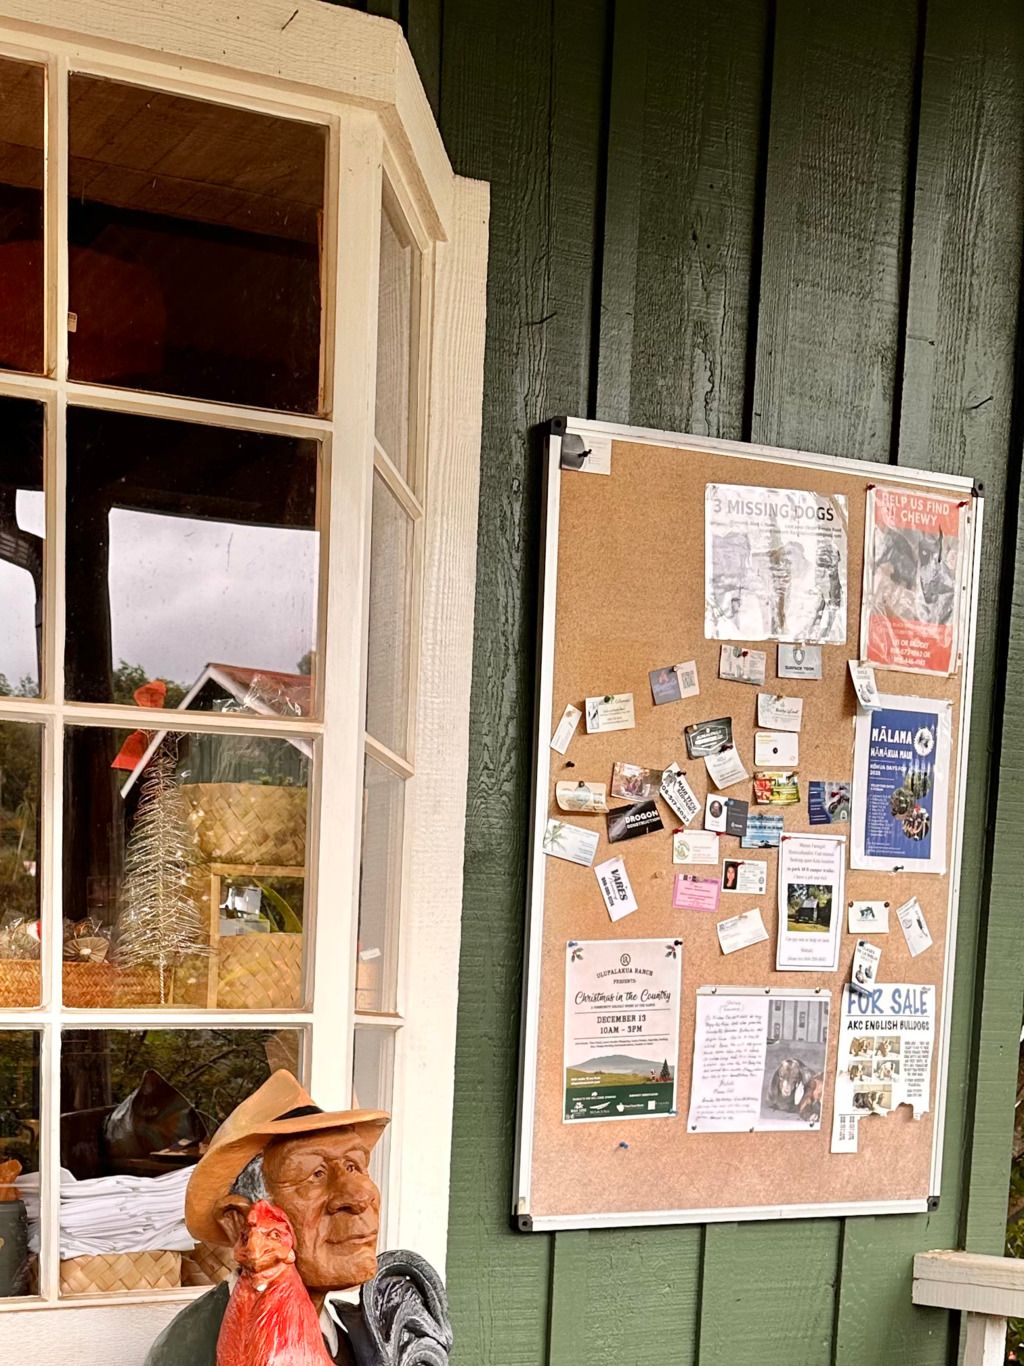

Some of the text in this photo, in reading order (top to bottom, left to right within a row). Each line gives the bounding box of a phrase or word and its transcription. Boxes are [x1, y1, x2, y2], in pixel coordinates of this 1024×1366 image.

[713, 498, 834, 522] 3 MISSING DOGS
[882, 493, 950, 516] HELP US FIND
[901, 510, 938, 526] CHEWY
[625, 810, 658, 823] DROGON
[596, 968, 654, 978] ULUPALAKUA RANCH
[574, 989, 671, 1005] Christmas in the Country
[847, 987, 928, 1015] FOR SALE
[597, 1014, 647, 1024] DECEMBER 13
[847, 1020, 930, 1031] AKC ENGLISH BULLDOGS
[627, 1025, 643, 1033] 3PM

PROBLEM REQUIREMENTS
Word for word, write out each line of the records, but leave the pictures behind.

OUTPUT BELOW
Some of the text in this photo, in reading order (top to bottom, left to right within a row). Each line gives the bounding box of a phrase or word and its transcription. Boxes are [x1, y1, x2, y2], in pixel coordinates of this 1024×1366 image.

[713, 498, 834, 522] 3 MISSING DOGS
[882, 493, 950, 516] HELP US FIND
[901, 510, 938, 526] CHEWY
[625, 810, 658, 823] DROGON
[596, 968, 654, 978] ULUPALAKUA RANCH
[574, 989, 671, 1005] Christmas in the Country
[847, 987, 928, 1015] FOR SALE
[597, 1014, 647, 1024] DECEMBER 13
[847, 1020, 930, 1031] AKC ENGLISH BULLDOGS
[627, 1025, 643, 1033] 3PM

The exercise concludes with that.